Learning to work hard became a big part of my identity; no one could take it away from me.

I was able to take away good parts from both families, and from growing up in two homes. I wasn’t this liberal kid growing up in Maryland going to boarding school, and I wasn’t this kid from small-town Ohio, but together they provided my morals, my spirituality and who I am as a person.

I learned later that my first parents found my Ohio ones through mutual friends of my best friend’s mom, who thought they would be a great fit for me. It was the best-case scenario. My first parents never missed a birthday or Christmas, I just didn’t live with them and didn’t have their last name.

Today, I feel like I have two families. I have 10 siblings who are all fantastic and a lot of them have kids. I actually found my biological brother in Eastern Europe on social media. He has a little daughter, too. It was bittersweet to meet him because he had a much harder life growing up on the streets since he was 14. He had nobody and I have this big family.

I think my first parents were ashamed of rehoming me. They didn’t want to tell anybody what they had done. They always made up excuses to their friends for where I was, which wasn’t unusual because when I lived with them, I was always at boarding school or at a treatment center. As I got older and reconnected with family and friends from Maryland, I explained what had really happened. I told them not to blame my parents, and that they just could not handle who I was and what I needed.

Today, my four parents don’t really talk to each other often, but they talk through me. One set will say “How’s your Mom and Dad?” and the other will say the same thing and “Tell them I say hello, give me their address so I can send a Christmas card.”

When I heard about Huxley’s situation, I thought of my own. There’s a lot of medical needs there, and the thing is, we’re not in this family. We don’t see the struggle or the fight. We don’t know the family dynamic. I know for me, my parents used to hide how they got bruises on their arms.

It’s almost like being abused on a daily basis and saying ‘Oh, I fell down the stairs,’ when in fact you’re being abused to a level you can’t handle. I’m not saying that’s the situation here, but it’s kind of the same mindset that you’re always covering up what’s happening and there’s never a moment where you just feel like everything’s OK. I knew that feeling growing up. I was putting my siblings, myself and my parents in danger.

My first mom owned an adoption agency, and I went to help her out a couple years ago and learned rehoming is not that uncommon, especially for international adoptions. Parents are not taking the proper counseling lessons to prepare for such a drastic change. They aren’t prepared — like my parents weren’t.
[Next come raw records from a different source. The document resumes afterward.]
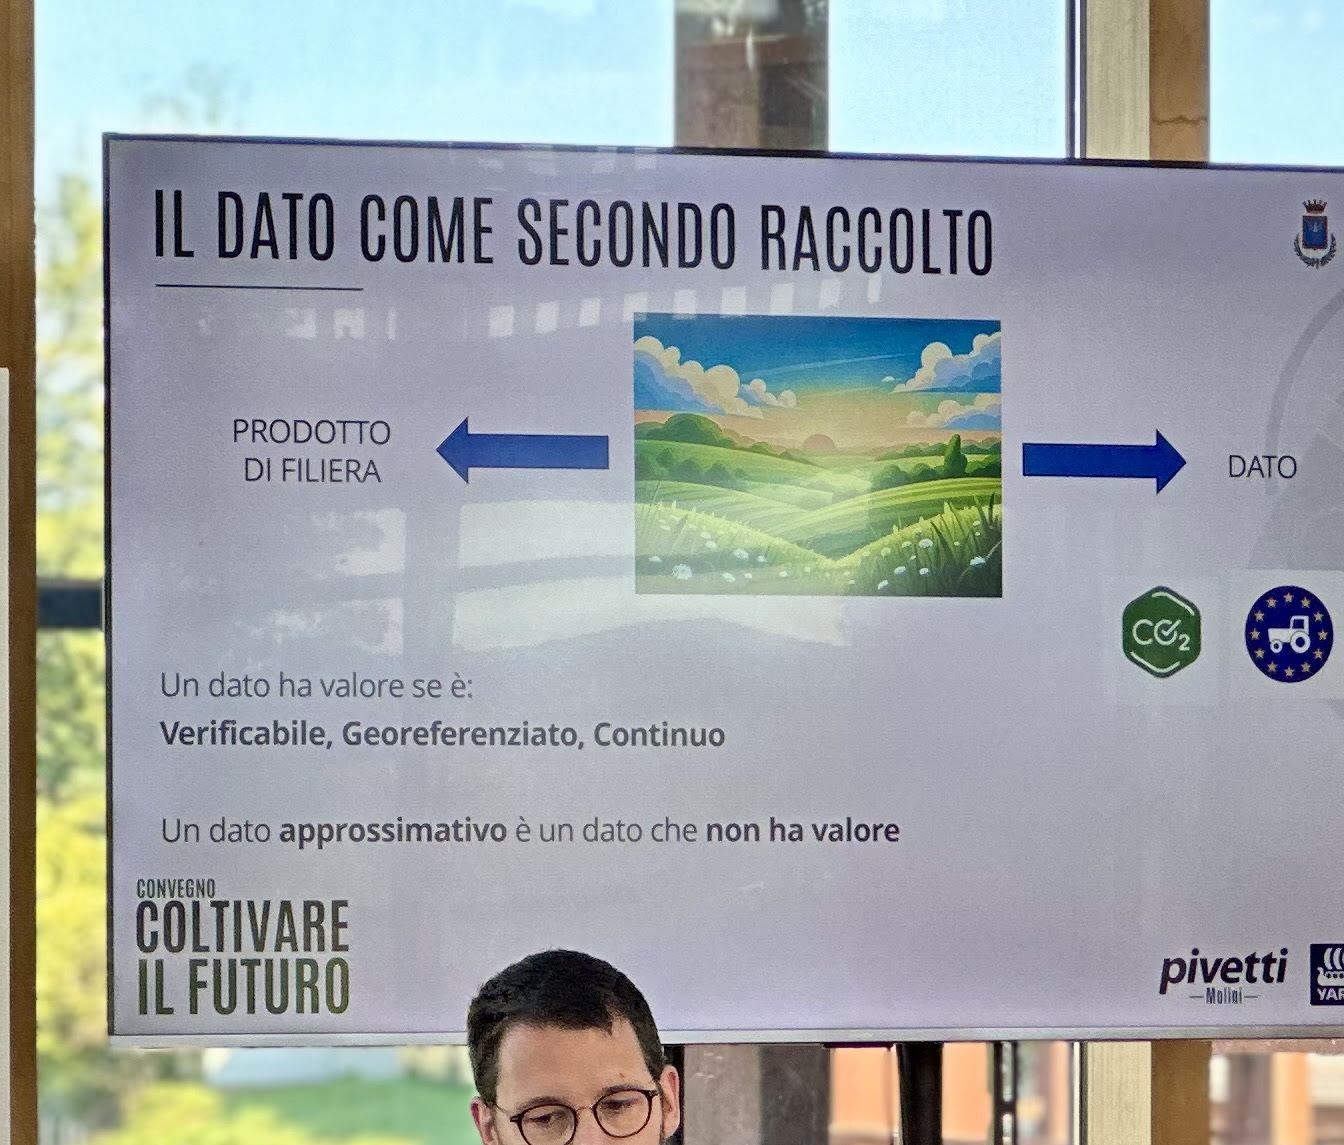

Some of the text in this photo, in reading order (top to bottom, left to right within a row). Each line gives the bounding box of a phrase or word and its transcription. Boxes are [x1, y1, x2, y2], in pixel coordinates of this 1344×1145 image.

[155, 190, 992, 276] IL DATO COME SECONDO RACCOLTO
[234, 419, 390, 445] PRODOTTO
[245, 458, 381, 483] DI FILIERA
[1229, 455, 1297, 478] DATO
[162, 671, 472, 698] Un dato ha valore se è:
[160, 720, 725, 750] Verificabile, Georeferenziato, Continuo
[163, 816, 899, 849] Un dato approssimativo è un dato che non ha valore
[137, 879, 215, 898] CONVEGNO
[136, 900, 349, 953] COLTIVARE
[1159, 948, 1288, 994] pivetti
[139, 958, 349, 1015] IL FUTURO
[1206, 987, 1243, 1004] Molini
For Huxley’s parents, it’s not like, ‘They didn’t like him and threw him away.’ At a certain point, you have to seek other methods. Ultimately it has to be for the safety and happiness of the child.

For me, being rehomed was like a rebirth and the chance to get the help that I needed. If I wasn’t rehomed I would probably be in an institution. I think about it a ton. I was escalating worse and worse every year in Maryland.
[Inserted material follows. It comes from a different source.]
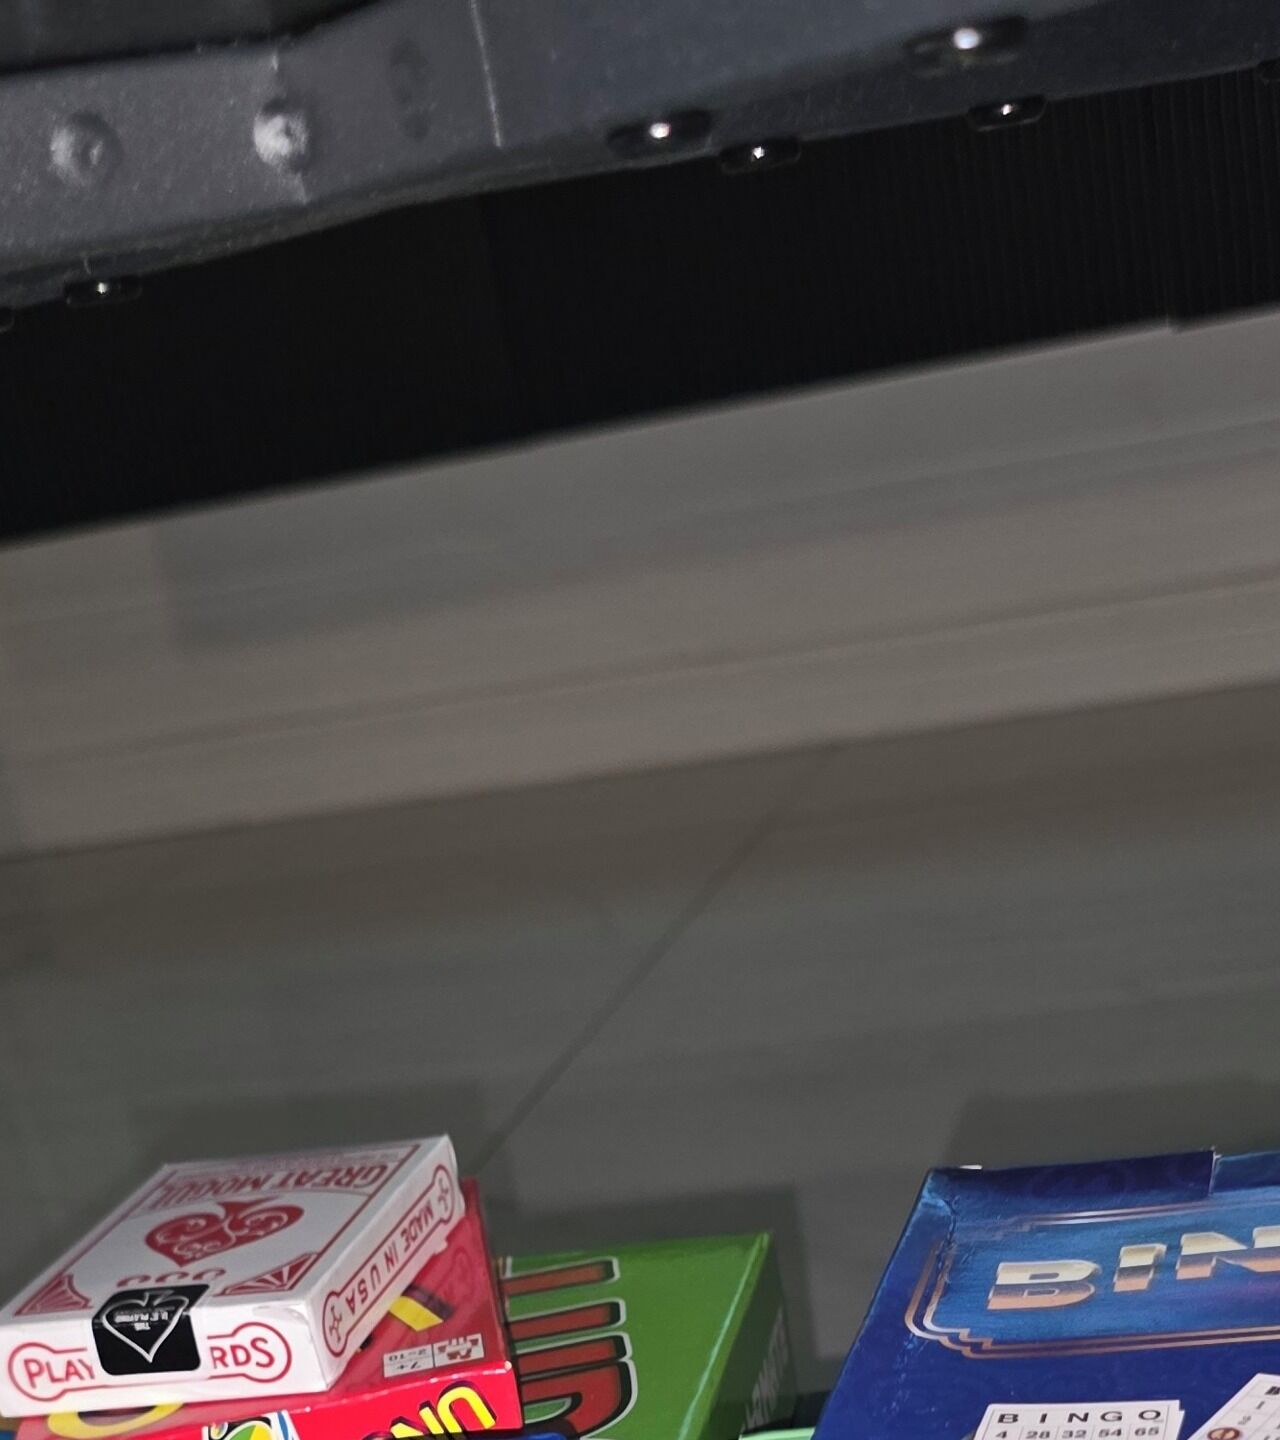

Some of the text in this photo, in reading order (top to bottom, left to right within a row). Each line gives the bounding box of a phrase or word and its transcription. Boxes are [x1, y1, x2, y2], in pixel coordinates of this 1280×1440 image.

[278, 1165, 388, 1188] GREAT
[345, 1198, 434, 1314] MADE IN USA
[24, 1337, 275, 1389] PLAY RDS
[998, 1410, 1161, 1423] B I N G O
My advice to other parents is to be open about it with your child. It’s like a divorce, in the end, it’s about how the parents are able to come together to handle the situation. Honesty is the most important thing. That’s something I would’ve appreciated from my first set of parents. If they had been more honest, it wouldn’t have been as hard to work through in adulthood.

About five years ago, my parents handed me over all of my documents, and I read them and cried. I was labeled “retarded” when I was 6 years old by the Latvian doctors. Here, I was diagnosed on the spectrum for autism. There were a lot of factors: I was born with fetal alcohol syndrome. My mom had me when she was 15, and she was a party girl. There was definitely some brain damage.

My first set of parents were told that I would never be able to function in school, those doctors did not have high hopes for me at all.

I still have that paperwork and I laugh at it from time to time.